= James Johonnot =

James Johonnot (1823–1888) was a New York State educator.

Born in Bethel, Vermont, he attended school at the New England Seminary in Windsor. In 1845, he became principal of Jefferson School in Syracuse. In 1848 he graduated from the State Normal School in Albany. Starting in 1850, he was employed as an agent for publishers D. Appleton & Company, and in 1853 he was elected state agent of the New York State Teachers' Association. From 1861 to 1866, he was principal of the high school at Joliet, Illinois. In 1872, he was elected principal of the State Normal School at Warrensburg, Missouri, where he remained until 1875. He then served as superintendent of schools for one year in Deposit, New York, and then lived from 1876 to 1880 in Ithaca, New York. After 1880 he lived in Princeton, NJ with his son-in-law, a professor at Princeton College.

He was the author of Principles and Practice of Teaching, Country School-Houses: Containing Elevations, Plans, and Specifications, and many other works, was joint author of Kruesi's Drawing Books, and assisted in the preparation of Appleton's Geographies.
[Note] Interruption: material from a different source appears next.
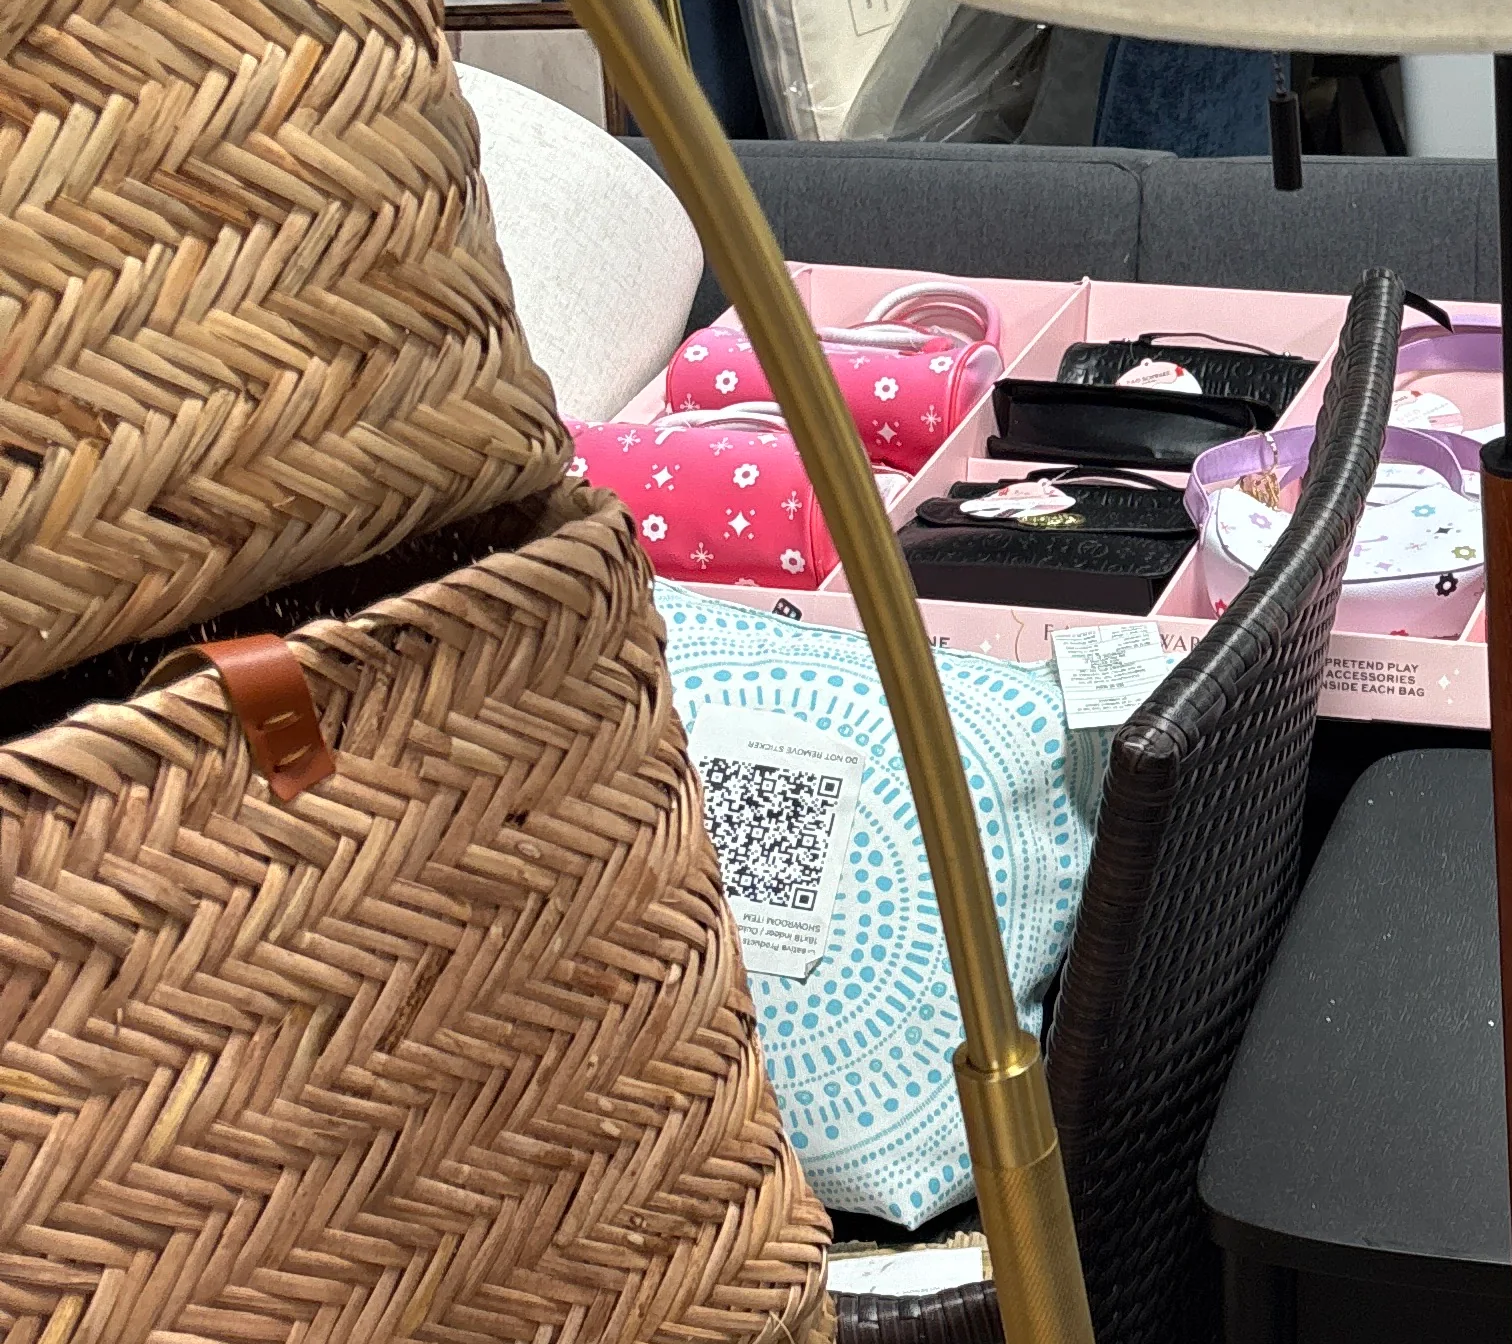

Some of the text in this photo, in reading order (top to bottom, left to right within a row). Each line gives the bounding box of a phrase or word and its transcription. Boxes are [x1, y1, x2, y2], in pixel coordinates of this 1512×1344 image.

His Ten Great Events in History (1887) starts as follows:

The great events in history are those where, upon special occasions, a man or a people have made a stand against tyranny, and
have preserved or advanced freedom for the people. Sometimes tyranny has taken the form of the oppression of the many by the few in the same nation, and sometimes it has been the oppression of a weak nation by a stronger one....
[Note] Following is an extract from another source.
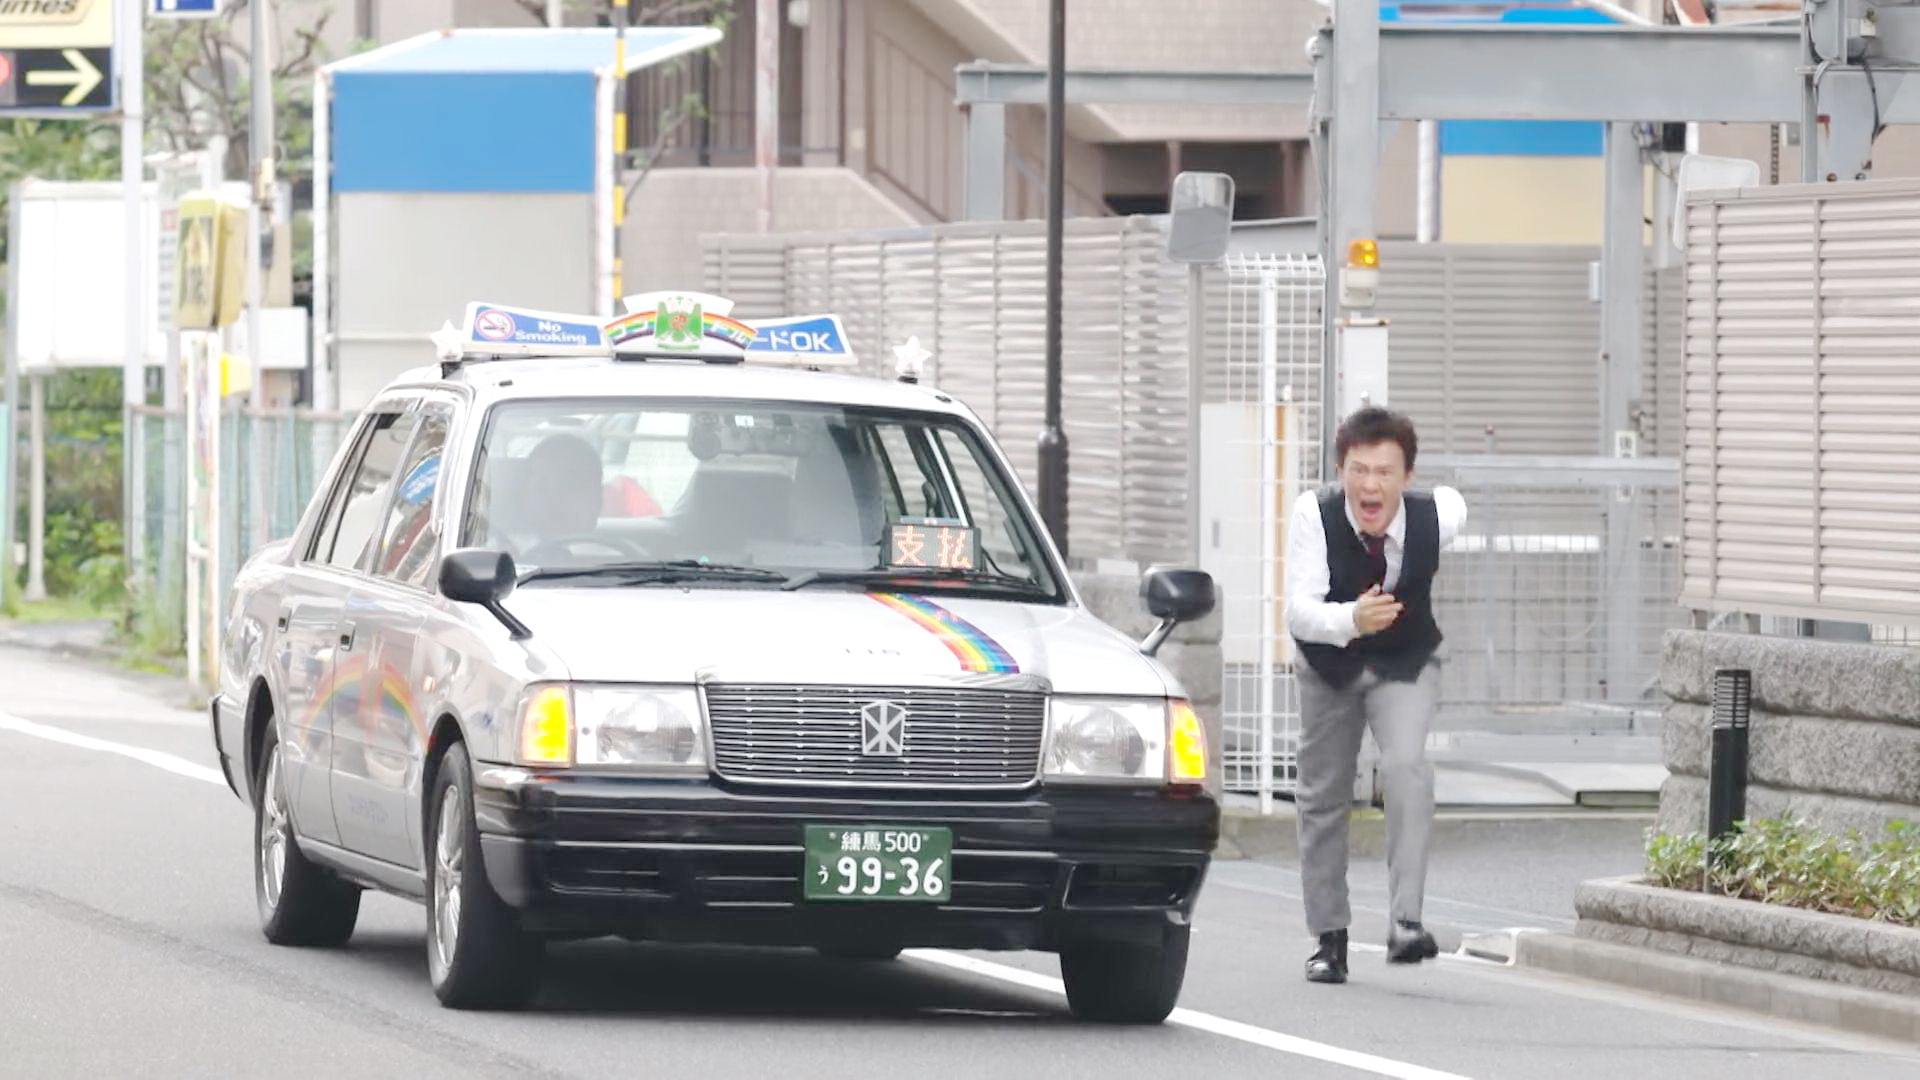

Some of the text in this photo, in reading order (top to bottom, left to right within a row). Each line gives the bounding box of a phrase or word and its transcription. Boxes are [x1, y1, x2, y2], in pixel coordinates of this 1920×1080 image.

[0, 0, 77, 14] imes
[537, 321, 562, 332] No
[515, 332, 587, 345] Smoking
[817, 856, 943, 895] う 99-36
Johonnot's "Ten Great Events" are the following:
- i. – Defense of freedom by Greek valor
- ii. – Crusades and the Crusaders
- iii. – Defense of freedom in Alpine passes
- iv. – Bruce and Bannockburn
- v. – Christopher Columbus and the New World
- vi. – Defense of freedom on Dutch dikes
- vii. – The invincible armada
- viii. – Freedom's voyage to America
- ix. – Plassey; and how an empire was won
- x. – Lexington and Bunker hill

Johonnot's work on T.H. Huxley has been referred to by Cyril Bibby.

==List of publications==

- School-Houses
- Country School-Houses: Containing Elevations, Plans, and Specifications
- Principles and Practice of Teaching
- Ten Great Events in History
- Glimpses of the animate world; or, Science and literature of natural history, for school and home
- A geographical reader
- A natural history reader for school and home
- Friends in feathers and fur, and other neighbors : for young folks
- Neighbors with claws and hoofs, and their kin. For boys and girls
- Neighbors with wings and fins, and some others : for young people
- School
- Some curious flyers, creepers and swimmers
- Stories of our country
- A Natural History Reader, for school and home (1883)—a compilation of articles. (digital copy)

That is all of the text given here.